Regarding capital expenditures in 2025, servers remain the largest investment direction and are expected to grow significantly, mainly due to:

(1) Increased AI computing capacity: Supporting generative AI (GenAI) and the expansion of core AI businesses.

(2) Maintaining core businesses: Expanding infrastructure to meet user growth and updating outdated servers.

(3) Investment in data centers will also increase: Building large-scale AI training clusters; core construction phase of high power density data centers.

(4) Investment in network equipment: Higher capacity networks to meet the traffic growth of AI and non-AI computing; construction of fiber optic infrastructure to optimize cross-regional AI training data transmission.

Overall, Meta's infrastructure investments in basic AI, non-AI businesses, and generative AI will all increase, with a continued focus on supporting core businesses.

We are still in the early stages of AI computing, and it remains uncertain whether computing costs will significantly decrease in the future. Therefore, we are currently maintaining large-scale investments to ensure long-term competitiveness.

Q: Meta recently emphasized a return to "OG Facebook" (the original Facebook experience). Can you elaborate on how to expand the application scenarios in this direction? Are video and marketplace a focus?

At the same time, Meta AI currently has over 600 million monthly active users. How do you view the evolution of user experience? What are users mainly doing right now?

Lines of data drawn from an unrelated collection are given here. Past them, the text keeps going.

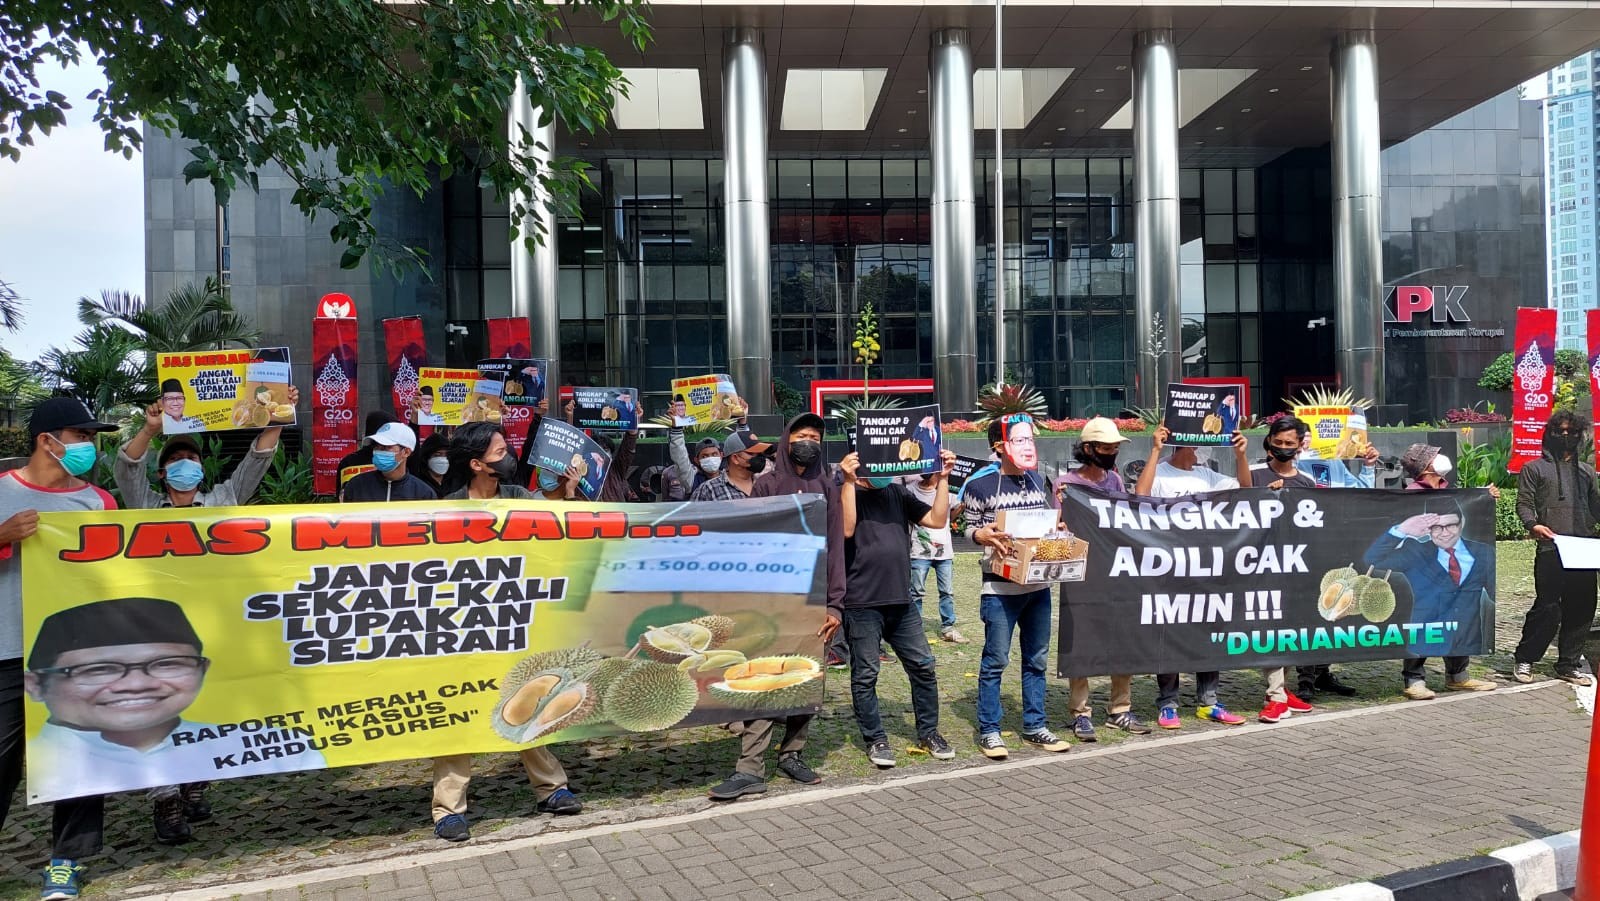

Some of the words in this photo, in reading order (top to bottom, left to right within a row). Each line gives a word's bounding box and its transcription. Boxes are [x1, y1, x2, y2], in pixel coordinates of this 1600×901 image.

[1469, 328, 1505, 338] Korupsi
[162, 355, 192, 368] JAS
[197, 369, 233, 379] JANGAN
[190, 376, 241, 387] SEKALI-KALI
[196, 384, 237, 393] LUPAKAN
[198, 391, 236, 401] SEJARAH
[1170, 391, 1209, 401] TANGKAP
[1524, 393, 1548, 404] G20
[1172, 400, 1195, 409] ADILI
[324, 409, 353, 420] G20
[1178, 409, 1197, 418] IMIN
[860, 417, 902, 426] TANGKAP
[543, 423, 579, 441] TANGKAP
[863, 427, 887, 435] ADILI
[888, 427, 906, 435] CAK
[1171, 432, 1233, 442] "DURIANGATE"
[544, 430, 566, 443] ADILI
[566, 437, 581, 450] CAK
[548, 438, 567, 450] IMIN
[870, 437, 890, 445] IMIN
[866, 459, 935, 473] "DURIANGATE"
[1090, 499, 1285, 530] TANGKAP
[1293, 499, 1325, 528] &
[59, 517, 272, 562] JAS
[291, 510, 703, 552] MERAH...
[1109, 544, 1224, 577] ADILI
[1235, 543, 1309, 574] CAK
[298, 556, 523, 592] JANGAN
[247, 578, 566, 621] SEKALI-KALI
[1140, 592, 1233, 625] IMIN
[1243, 590, 1282, 621] !!!
[286, 602, 532, 641] LUPAKAN
[1210, 621, 1459, 655] "DURIANGATE"
[293, 626, 527, 666] SEJARAH
[172, 711, 305, 747] RAPORT
[318, 690, 428, 721] MERAH
[438, 678, 500, 698] CAK
[242, 726, 315, 749] IMIN
[324, 701, 447, 732] "KASUS
[213, 731, 352, 770] KARDUS
[363, 710, 479, 739] DUREN"

A: Facebook remains an important part of many users' daily lives. I believe that Facebook still has great potential to unleash and can rise again in terms of cultural influence.

Currently, we are exploring some new product directions, but they will not immediately impact short-term business growth. This process requires trade-offs, and we may make sacrifices in certain areas to focus on long-term product innovation.

I will share more details in the next 6-12 months. Overall, we hope Facebook can return to the early community interaction model and regain its vitalityRegarding Meta AI, we are currently in the user behavior learning phase. From the data of various applications: WhatsApp is the platform with the highest usage of Meta AI, with main application scenarios including information inquiry, learning support, and emotional communication. Facebook is the second largest platform for Meta AI usage, where users primarily experience AI recommendation features deeply integrated through the Feed.

Overall trends show that users are gradually applying Meta AI to: information search and organization; social interaction and communication; leisure and entertainment (such as humorous exchanges); content creation and editing (like writing assistance).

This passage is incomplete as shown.